BRUSSELS, BELGIUM - SEPTEMBER 04: Mo Farah of Great Britain and Northern Irelands celebrates winning the One Hour Race during the Memorial Van Damme Brussels 2020 Diamond League meeting at King Baudouin Stadium on September 04, 2020 in Brussels, Belgium. (Photo by Dean Mouhtaropoulos/Getty Images)
BRUSSELS, BELGIUM - SEPTEMBER 04: Mo Farah of Great Britain and Northern Irelands celebrates winning the One Hour Race during the Memorial Van Damme Brussels 2020 Diamond League meeting at King Baudouin Stadium on September 04, 2020 in Brussels, Belgium. (Photo by Dean Mouhtaropoulos/Getty Images)

Olympic gold medalist Mo Farah says he was trafficked to the U.K. under a false name and forced into child labor, revealing stunning details about the painful path that culminated in him being awarded a knighthood.

"Most people know me as Mo Farah, but it's not my name — or, it's not the reality," Farah said in a new documentary about the track star.

"The real story is, I was born in Somaliland, north of Somalia, as Hussein Abdi Kahin," he added.

Farah has previously said he came to the U.K. as a young child with his parents, fleeing the war in Somalia.
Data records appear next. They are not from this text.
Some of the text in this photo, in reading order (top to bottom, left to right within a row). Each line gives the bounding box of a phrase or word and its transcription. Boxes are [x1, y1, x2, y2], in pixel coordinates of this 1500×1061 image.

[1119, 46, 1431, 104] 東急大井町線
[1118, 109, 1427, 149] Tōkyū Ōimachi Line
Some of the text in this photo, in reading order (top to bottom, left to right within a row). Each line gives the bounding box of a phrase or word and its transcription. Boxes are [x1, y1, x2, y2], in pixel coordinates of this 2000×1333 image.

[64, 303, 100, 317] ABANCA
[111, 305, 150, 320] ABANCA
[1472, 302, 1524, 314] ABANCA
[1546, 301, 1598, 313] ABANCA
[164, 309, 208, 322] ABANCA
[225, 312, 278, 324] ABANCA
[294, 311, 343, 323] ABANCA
But he now says his father died when Farah was four years old, and that he was soon separated from his mother and other relatives.
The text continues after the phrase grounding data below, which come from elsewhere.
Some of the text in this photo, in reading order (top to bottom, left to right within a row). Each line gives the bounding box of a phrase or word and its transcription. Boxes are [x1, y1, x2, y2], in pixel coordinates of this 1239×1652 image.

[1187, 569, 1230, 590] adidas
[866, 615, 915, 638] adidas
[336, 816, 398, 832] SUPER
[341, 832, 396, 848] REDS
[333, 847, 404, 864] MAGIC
"I was brought into the U.K. illegally under the name of another child, called Mohammed Farah," he said. At the time, he was around 8 or 9 years old.

The documentary, made by the BBC and Red Bull Studios, includes footage of visa documents that Farah says were faked, bearing his photo and another child's name.

"I know I've taken someone else's place. And I do wonder, what is Mohammed doing now?" he said in the documentary, clips of which are posted on the BBC's website.

The woman who brought Farah into the U.K. had told him he would soon join his relatives in the country. He carried a piece of paper with his family members' contact information on it. But after arriving, the woman tore up the paper and threw it in the trash.

"The lady, what she did wasn't right," Farah said.

Farah described being exploited and threatened, as he worked in the household of another family. There, he was forced to cook and clean and tend to other children — and he was told to keep his mouth shut about his true origin, or the authorities would take him away.

"Often, I would just lock myself in the bathroom and cry, and nobody's there to help. So after I while, I just learned not to have that emotion," he said.

The celebrated runner says his unique abilities and luck are all that saved him from trafficking and forced servitude. When he was finally allowed to attend school, his talents quickly drew the attention of a teacher who connected with him — and who then helped Farah get placed into a foster home with a different Somali family.

Farah, who received a knighthood from Queen Elizabeth in 2017, says he's speaking out now about what he went through to raise public awareness about other people who are caught in the same plight.

The BBC says it attempted to contact the woman who brought Farah into the U.K. for her side of the story, but she hasn't replied.